圖6 養殖大黃魚樣品中細菌在門水平上的相對豐度分析Fig.6 Analysis of relative abundance of bacteria at the Phylum level in cultured large yellow croaker

在屬水平上分析,如圖7所示,空白組樣品中優勢菌為氣單胞菌屬(Aeromonas)37.72%、其次為漫游球菌屬(Vagococcus)21.99%、變形桿菌屬(Proteus)17.35%、不動桿菌屬(Acinetobacter)5.70%和類香味菌(Myroides)3.67%,其它菌屬細菌含量均較低,圖中僅列出豐度為前15的細菌種類。液氮組樣品中優勢菌為氣單胞菌屬(Aeromonas)44.87%、其次為漫游球菌屬(Vagococcus)18.83%、不動桿菌屬(Acinetobacter)13.28%和類香味菌(Myroides)10.17%,其它菌屬細菌含量均較低。從結果上來看,液氮冷凍處理對養殖大黃魚儲存期的菌落結構是有一定影響的。空白組和液氮組細菌中氣單胞菌屬含量都是最大的,但液氮組氣單胞菌屬所占總細菌的比值略高于空白組,魚類中主要腐敗菌包括氣單胞菌屬,這與研究結果是相符合的[26-27]。變形桿菌屬(Proteus)在空白組細菌總量中占有較多比例,但其在液氮組中幾乎沒有。說明液氮冷凍處理對部分微生物具有殺菌效果。
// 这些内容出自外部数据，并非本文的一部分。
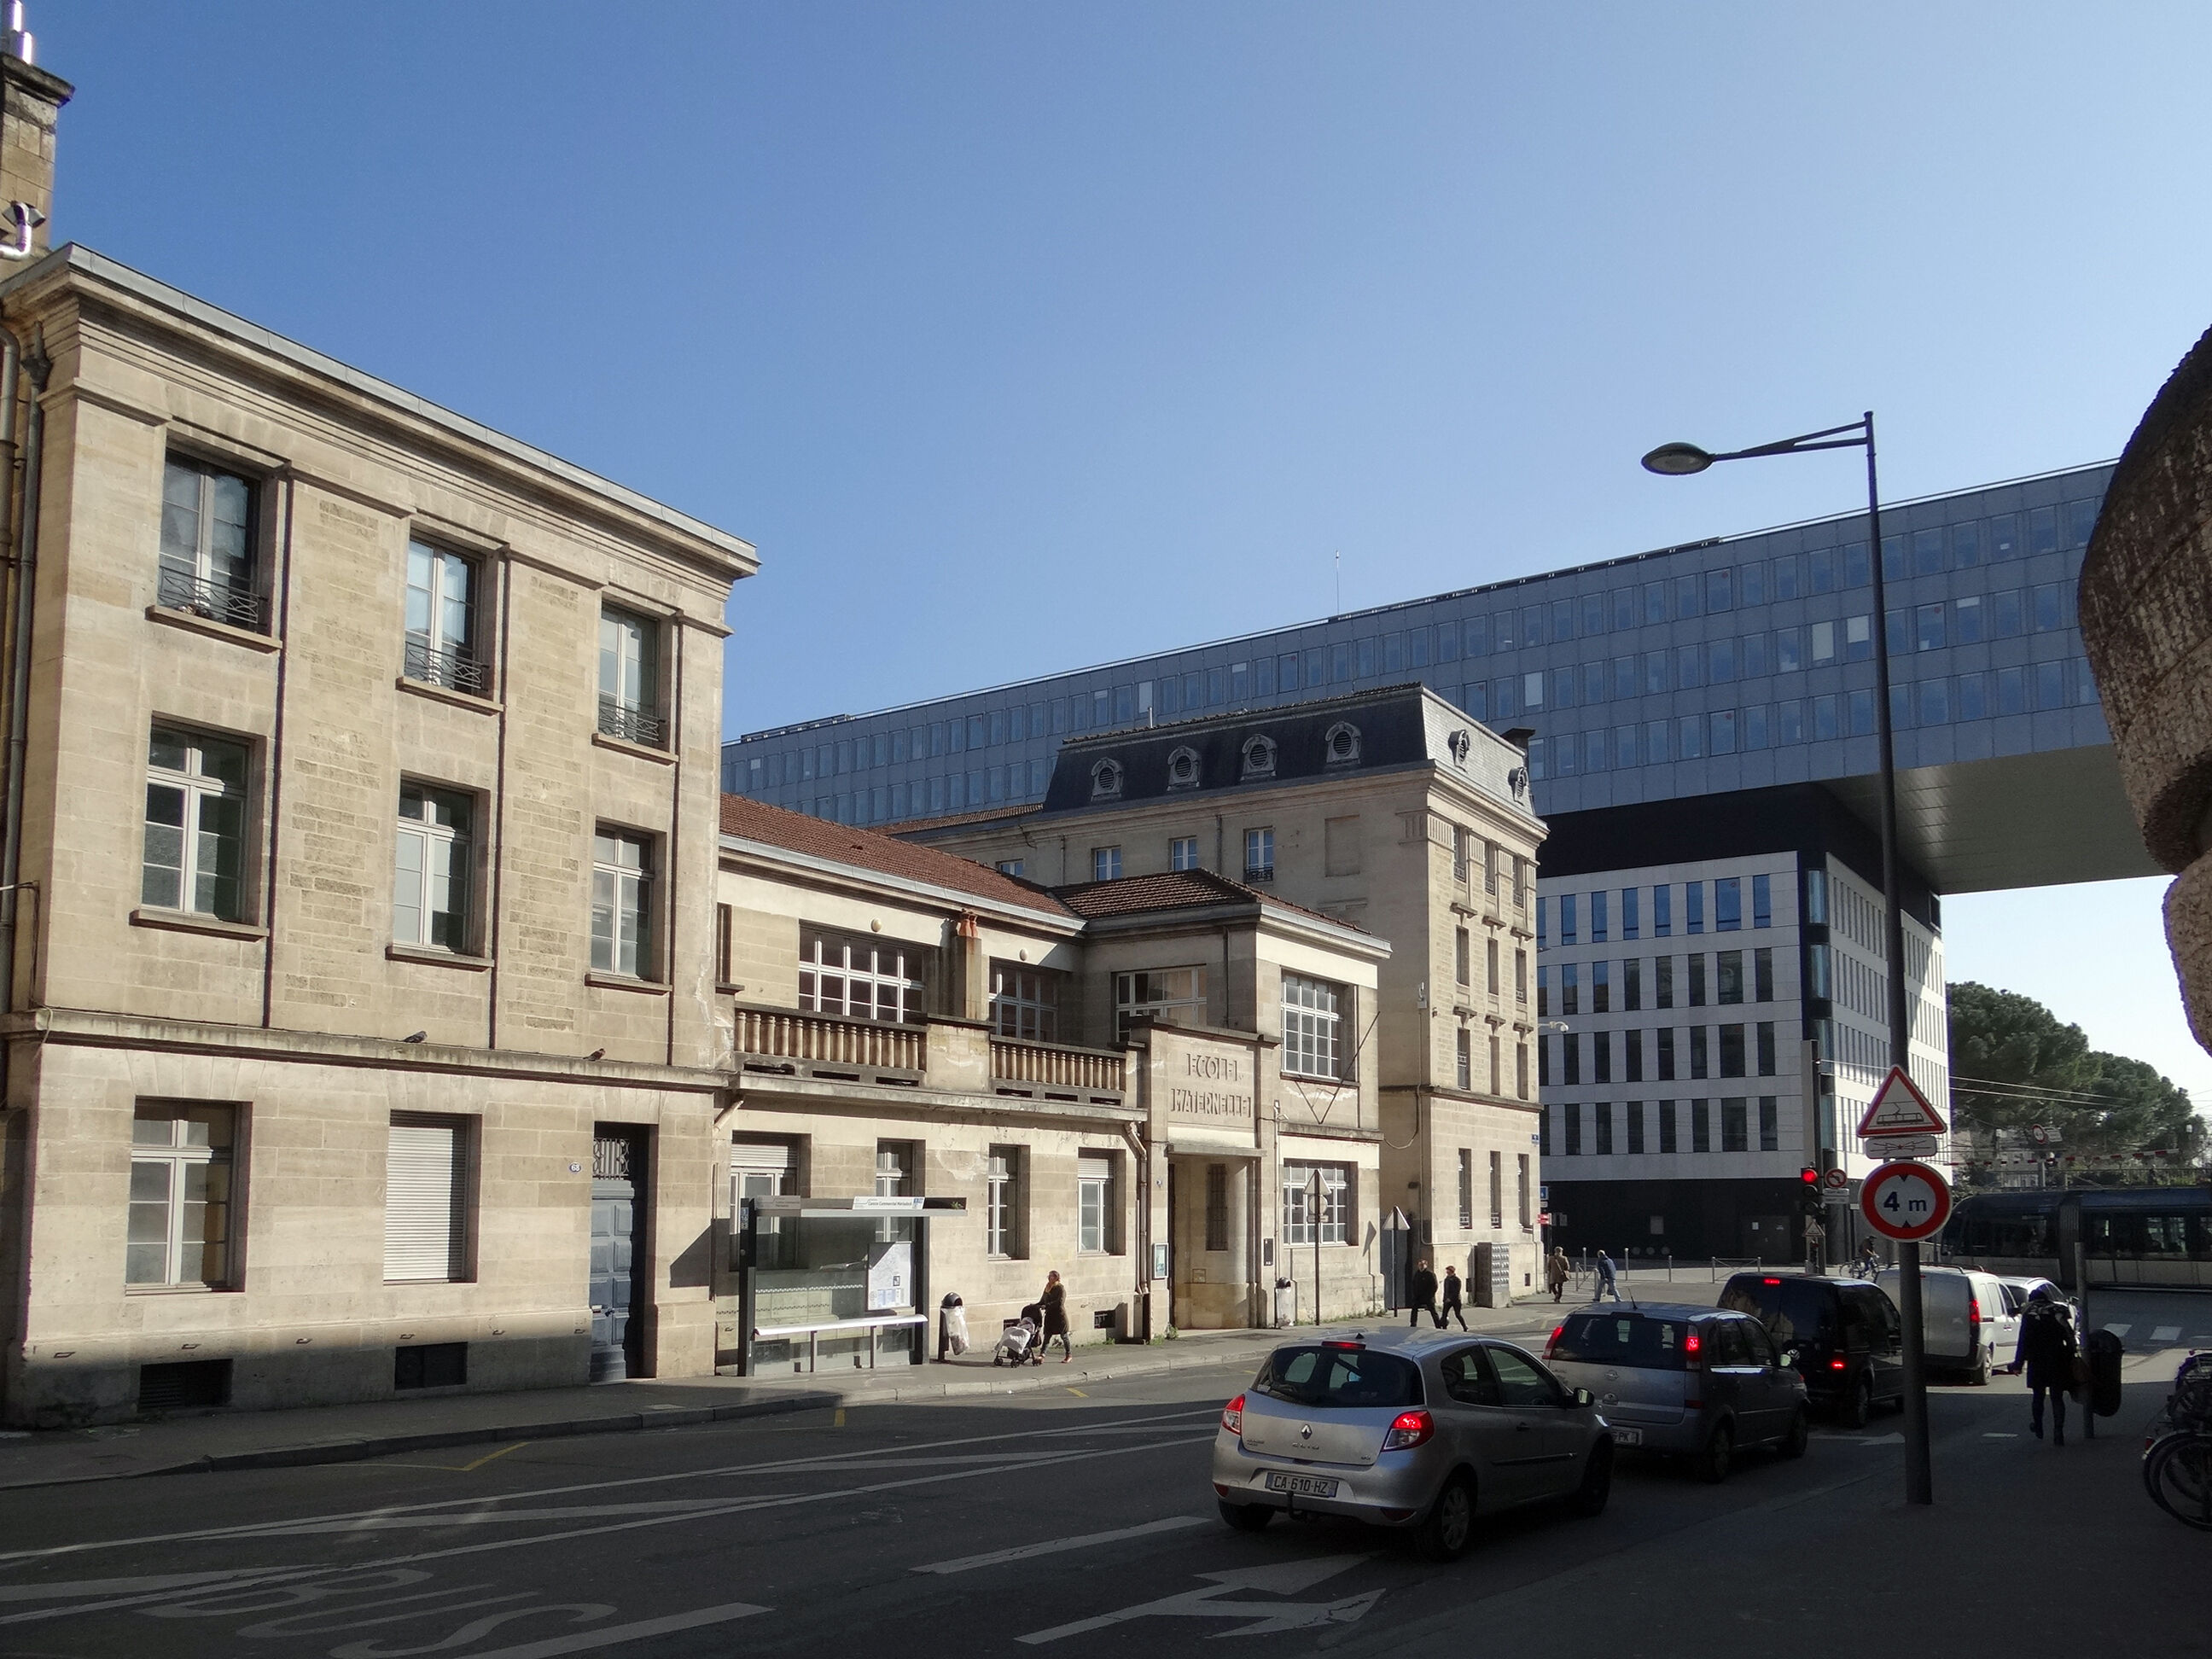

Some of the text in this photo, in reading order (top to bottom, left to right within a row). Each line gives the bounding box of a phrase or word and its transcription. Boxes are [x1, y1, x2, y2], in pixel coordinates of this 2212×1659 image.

[1171, 1088, 1251, 1118] MATERNELLE
[1883, 1191, 1927, 1212] 4 m
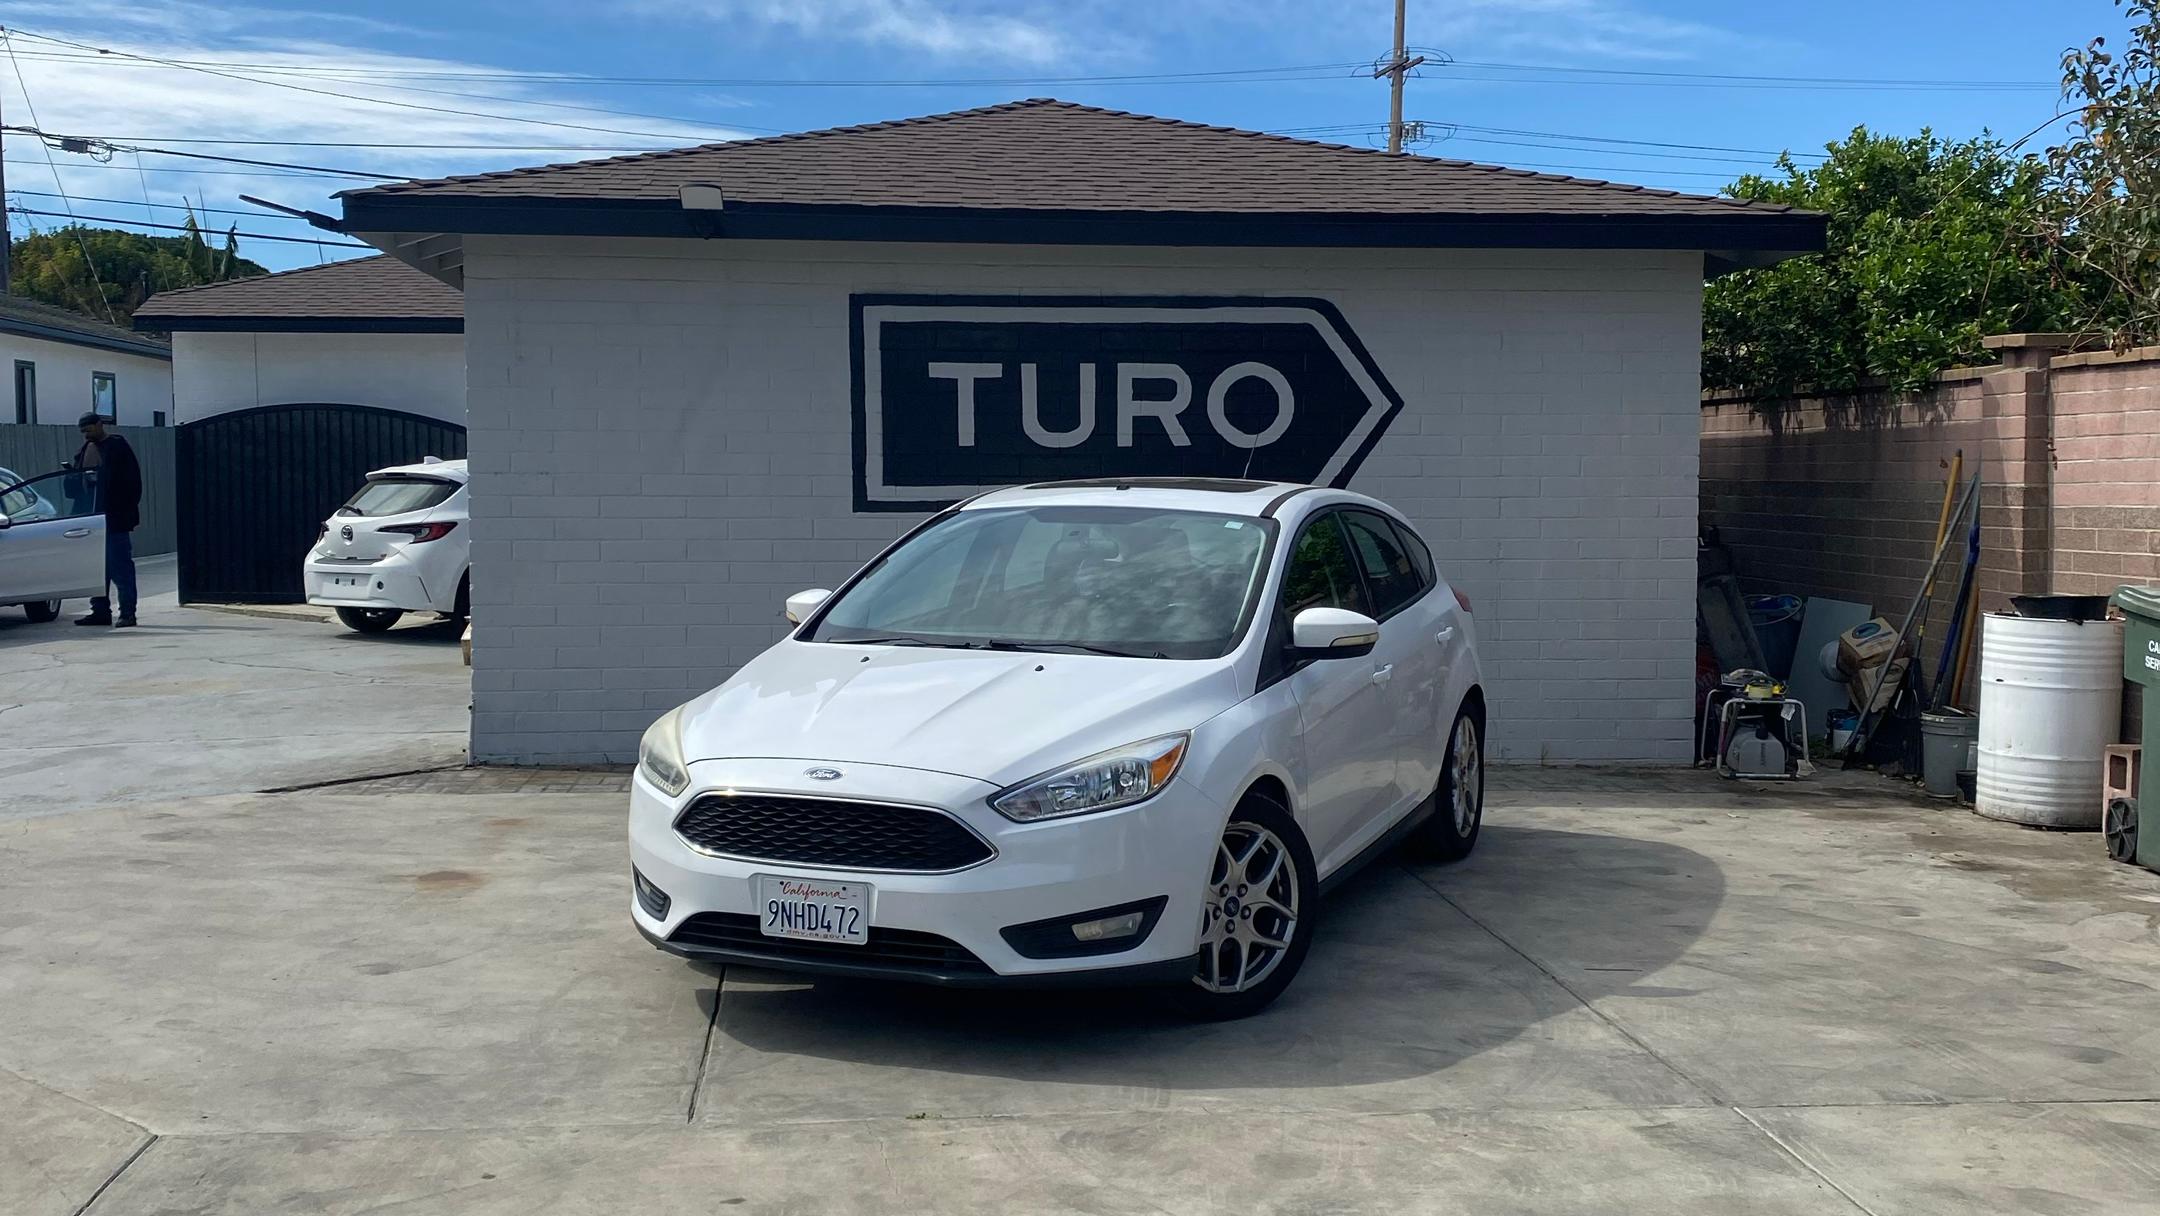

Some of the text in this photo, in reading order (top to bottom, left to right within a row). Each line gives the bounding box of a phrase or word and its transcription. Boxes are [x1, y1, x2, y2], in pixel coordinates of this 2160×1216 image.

[928, 362, 1295, 449] TURO
[783, 881, 847, 900] California
[767, 899, 860, 935] 9NHD472
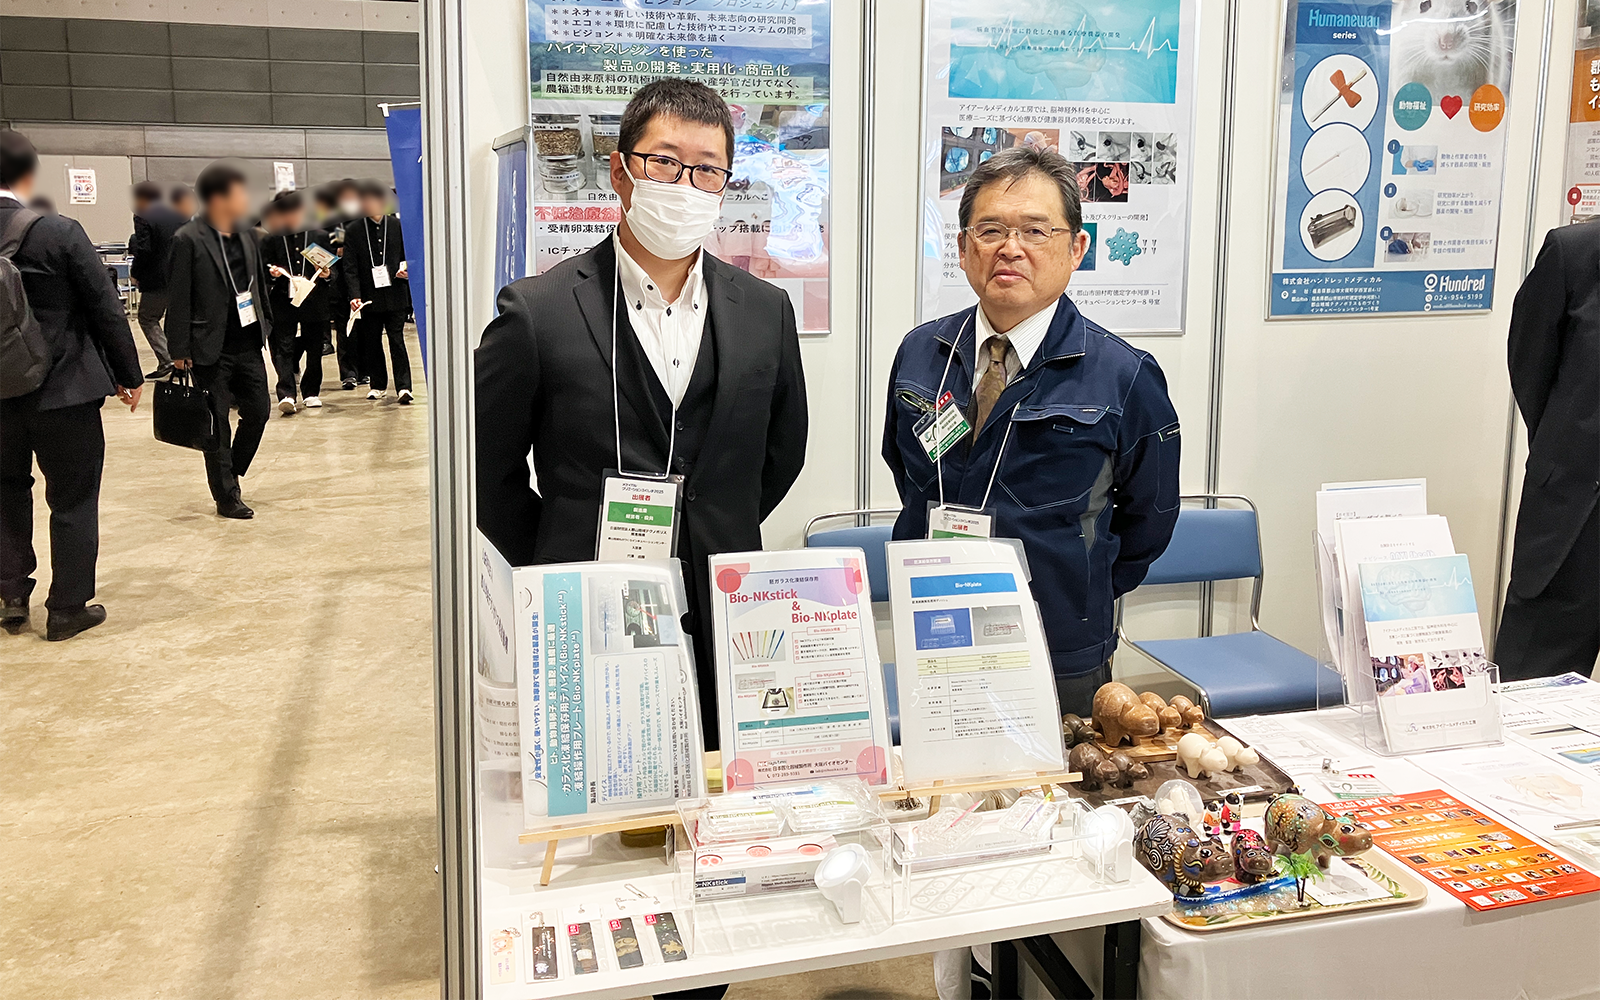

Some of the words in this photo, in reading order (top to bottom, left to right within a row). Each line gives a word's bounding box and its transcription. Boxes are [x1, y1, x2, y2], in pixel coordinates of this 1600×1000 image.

[1308, 8, 1381, 30] Humaneway
[1332, 31, 1357, 40] series
[534, 206, 622, 221] 不妊治療分
[1439, 274, 1486, 293] Hundred
[729, 588, 798, 604] Bio-NKstick
[791, 601, 801, 611] &
[791, 610, 858, 623] Bio-NKplate
圖7 養殖大黃魚樣品中細菌在屬水平上的相對豐度分析Fig.7 Analysis of relative abundance of bacteria at the genus level in cultured large yellow croaker

由圖8中可以比較空白組和液氮組在某分支上的豐度差異,在門水平上,在物種豐度上進行比較,兩組樣品除擬桿菌門(Bacteroidetes)液氮組高于空白組,其它細菌種類豐度差別不大。在綱水平上,除β-變形菌綱(Betaproteobacteria)和梭菌綱(Clostridia)空白組高于液氮組,但β-變形菌綱和梭菌綱豐度并不高,其它細菌種類豐度和門水平上的結果基本一致。兩組在目水平上,細菌種類豐度逐漸出現較大差距。綜上所述,液氮冷凍處理對養殖大黃魚貯藏期菌群結構有一定影響,但主要表現在目、科、屬水平上。而菌落結構的改變是否對養殖大黃魚儲藏期品質變化有所影響,還需進一步實驗進行驗證。

圖8 屬水平上所有樣品豐度前30的物種分類系統組成樹狀圖Fig.8 The level of all genus on the abundance of the top 30 species classification system composed of tree

3 結論

液氮冷凍處理養殖大黃魚能夠降低儲藏期TBA的增長速度,抑制魚肉脂肪的氧化,更好的保持大黃魚的品質,延長貨架期;能夠降低TMA的增長速度,減少不良氣味的生成,降低魚肉鮮度下降的速度;能夠降低TVB-N的增長速度,減少內源性酶蛋白和非蛋白氮化合物的降解,更好的保證魚肉的品質,延遲腐敗的進程;液氮處理能夠降低K值的增長速度,減少營養成分的分解和鮮度的下降,延長保質期;液氮冷凍處理能夠降低其菌落總數,并改變其菌群結構,具有良好的抑菌及殺菌效果。綜上所述,液氮冷凍處理能夠延遲養殖大黃魚腐敗變質的進程,讓大黃魚能夠保存更長的時間。

本文初步探究了液氮冷凍處理對大黃魚菌群結構的影響,結果表明液氮冷凍處理養殖大黃魚對其菌群結構有一定影響,對部分微生物具有殺菌效果,而菌群結構的改變對養殖大黃魚儲藏期品質變化的具體影響及相互聯系還需進一步研究。此外,魚肉中還含有大量的內源酶,包括蛋白酶、脂肪酶等,液氮冷凍處理在影響魚肉保鮮品質的同時,也會對魚肉蛋白質結構和功能特性產生影響,探究液氮冷凍處理對養殖大黃魚蛋白質的功能特性及理化指標的影響,對控制魚肉品質,探究影響機理具有重要意義。